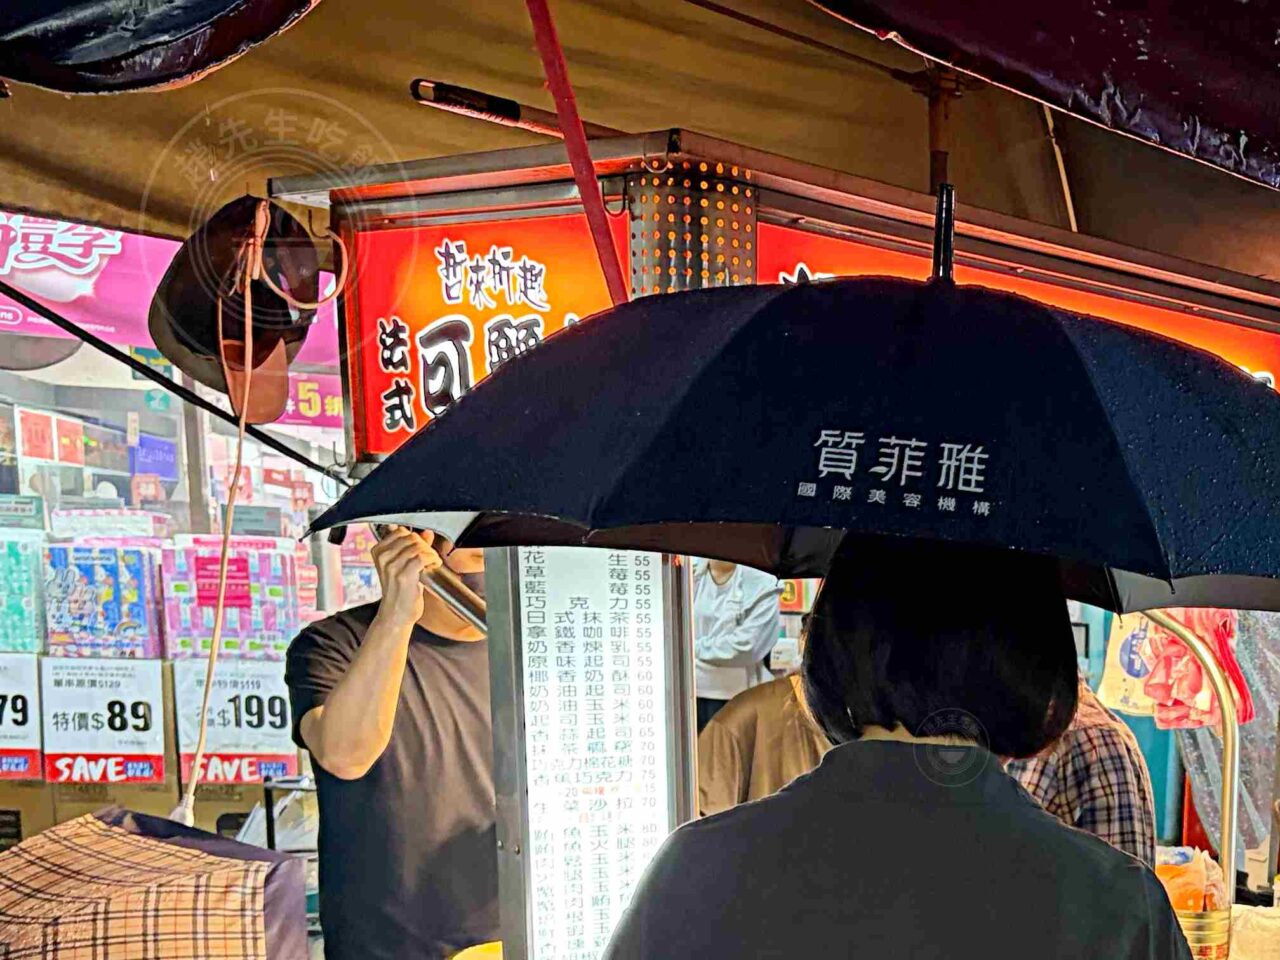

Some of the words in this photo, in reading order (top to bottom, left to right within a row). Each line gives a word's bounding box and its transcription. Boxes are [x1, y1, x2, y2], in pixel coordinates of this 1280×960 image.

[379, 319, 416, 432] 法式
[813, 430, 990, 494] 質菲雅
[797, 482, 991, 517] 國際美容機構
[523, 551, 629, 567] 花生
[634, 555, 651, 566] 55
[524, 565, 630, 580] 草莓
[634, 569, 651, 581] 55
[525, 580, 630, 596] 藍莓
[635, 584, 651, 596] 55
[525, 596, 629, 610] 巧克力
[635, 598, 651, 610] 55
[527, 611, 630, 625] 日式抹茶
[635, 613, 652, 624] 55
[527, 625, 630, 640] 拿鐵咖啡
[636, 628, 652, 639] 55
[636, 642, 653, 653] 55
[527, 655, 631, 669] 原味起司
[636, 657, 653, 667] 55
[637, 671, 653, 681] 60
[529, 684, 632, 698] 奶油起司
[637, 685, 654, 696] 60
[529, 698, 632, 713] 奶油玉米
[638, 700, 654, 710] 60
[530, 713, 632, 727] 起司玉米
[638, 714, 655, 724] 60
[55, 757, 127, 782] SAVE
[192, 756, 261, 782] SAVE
━━━━━━━━
#### TASK GOAL:
Print all entries exactly. The images do not belong in the copy.

#### RESULT:
Some of the words in this photo, in reading order (top to bottom, left to right within a row). Each line gives a word's bounding box and its transcription. Boxes are [x1, y1, x2, y2], in pixel coordinates of this 1280×960 image.

[379, 319, 416, 432] 法式
[813, 430, 990, 494] 質菲雅
[797, 482, 991, 517] 國際美容機構
[523, 551, 629, 567] 花生
[634, 555, 651, 566] 55
[524, 565, 630, 580] 草莓
[634, 569, 651, 581] 55
[525, 580, 630, 596] 藍莓
[635, 584, 651, 596] 55
[525, 596, 629, 610] 巧克力
[635, 598, 651, 610] 55
[527, 611, 630, 625] 日式抹茶
[635, 613, 652, 624] 55
[527, 625, 630, 640] 拿鐵咖啡
[636, 628, 652, 639] 55
[636, 642, 653, 653] 55
[527, 655, 631, 669] 原味起司
[636, 657, 653, 667] 55
[637, 671, 653, 681] 60
[529, 684, 632, 698] 奶油起司
[637, 685, 654, 696] 60
[529, 698, 632, 713] 奶油玉米
[638, 700, 654, 710] 60
[530, 713, 632, 727] 起司玉米
[638, 714, 655, 724] 60
[55, 757, 127, 782] SAVE
[192, 756, 261, 782] SAVE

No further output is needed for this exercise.